Input data:
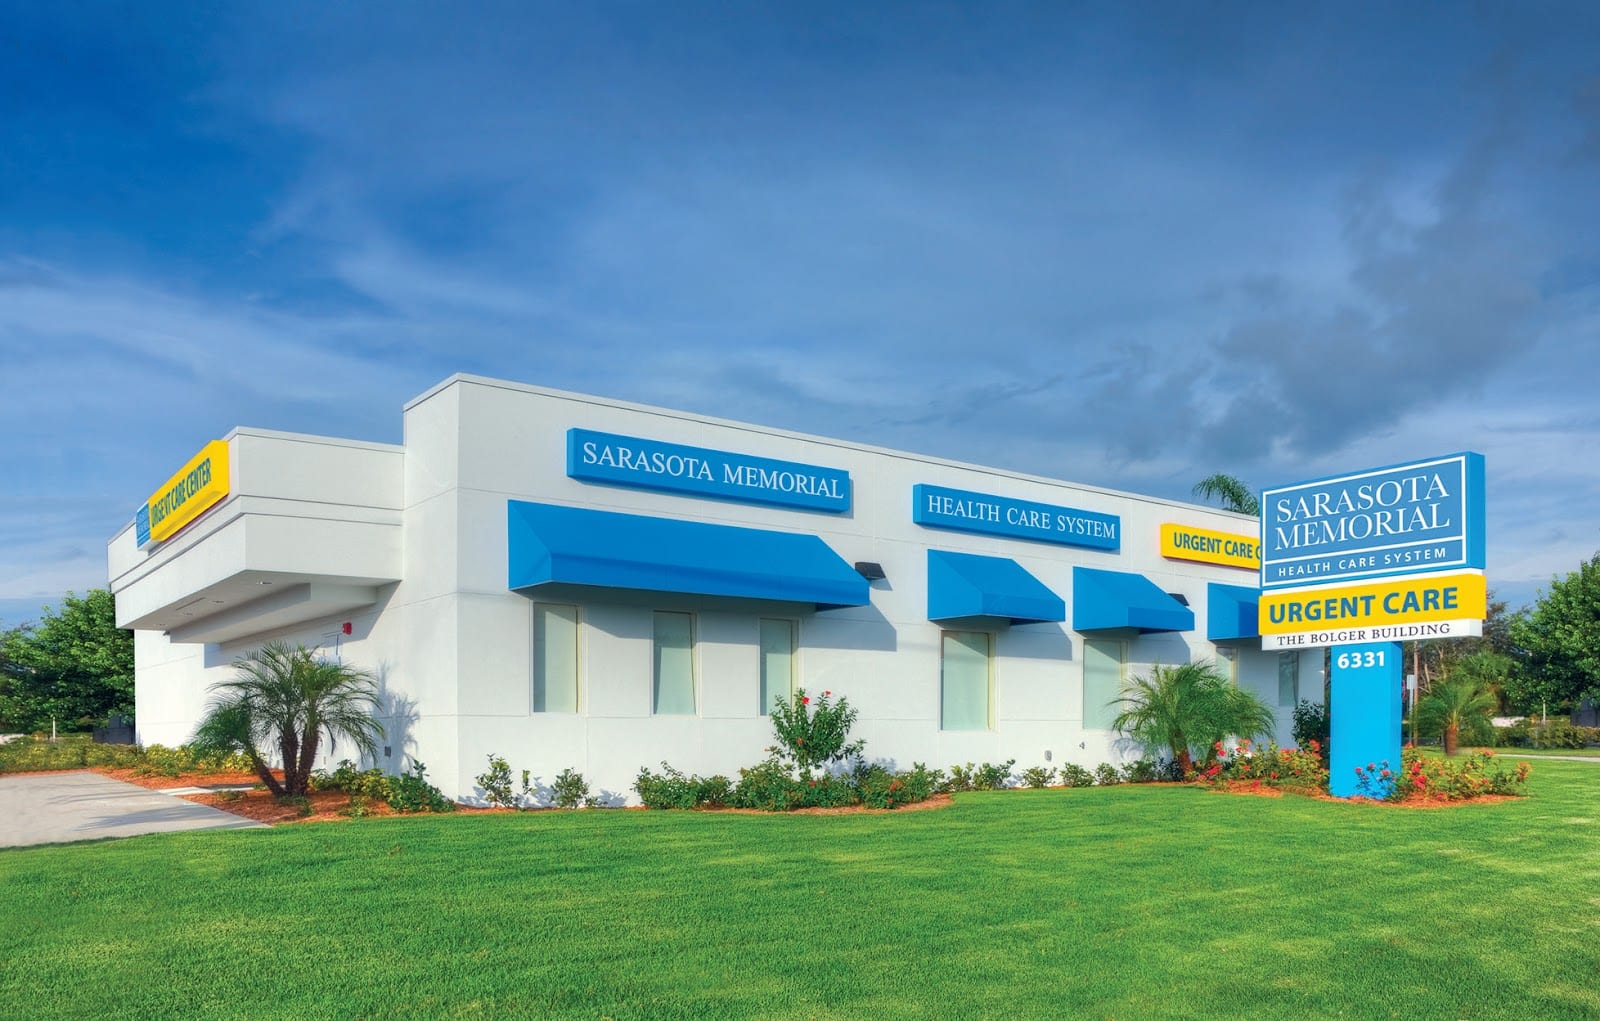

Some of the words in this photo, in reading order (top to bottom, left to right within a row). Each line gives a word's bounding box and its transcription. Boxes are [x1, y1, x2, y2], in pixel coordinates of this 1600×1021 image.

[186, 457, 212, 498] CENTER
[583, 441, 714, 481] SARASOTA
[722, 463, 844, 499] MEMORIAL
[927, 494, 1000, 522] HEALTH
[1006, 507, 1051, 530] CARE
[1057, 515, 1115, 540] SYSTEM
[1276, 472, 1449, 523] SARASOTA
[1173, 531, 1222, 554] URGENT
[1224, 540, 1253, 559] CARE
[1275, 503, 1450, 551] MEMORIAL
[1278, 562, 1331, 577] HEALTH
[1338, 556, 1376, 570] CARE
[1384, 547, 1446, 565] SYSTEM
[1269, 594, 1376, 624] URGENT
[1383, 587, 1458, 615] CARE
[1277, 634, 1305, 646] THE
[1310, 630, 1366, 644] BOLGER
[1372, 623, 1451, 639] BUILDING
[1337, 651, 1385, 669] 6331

What is required:
Give an exact copy of the listing, without its pictures.

Completed exercise:
Some of the words in this photo, in reading order (top to bottom, left to right within a row). Each line gives a word's bounding box and its transcription. Boxes are [x1, y1, x2, y2], in pixel coordinates of this 1600×1021 image.

[186, 457, 212, 498] CENTER
[583, 441, 714, 481] SARASOTA
[722, 463, 844, 499] MEMORIAL
[927, 494, 1000, 522] HEALTH
[1006, 507, 1051, 530] CARE
[1057, 515, 1115, 540] SYSTEM
[1276, 472, 1449, 523] SARASOTA
[1173, 531, 1222, 554] URGENT
[1224, 540, 1253, 559] CARE
[1275, 503, 1450, 551] MEMORIAL
[1278, 562, 1331, 577] HEALTH
[1338, 556, 1376, 570] CARE
[1384, 547, 1446, 565] SYSTEM
[1269, 594, 1376, 624] URGENT
[1383, 587, 1458, 615] CARE
[1277, 634, 1305, 646] THE
[1310, 630, 1366, 644] BOLGER
[1372, 623, 1451, 639] BUILDING
[1337, 651, 1385, 669] 6331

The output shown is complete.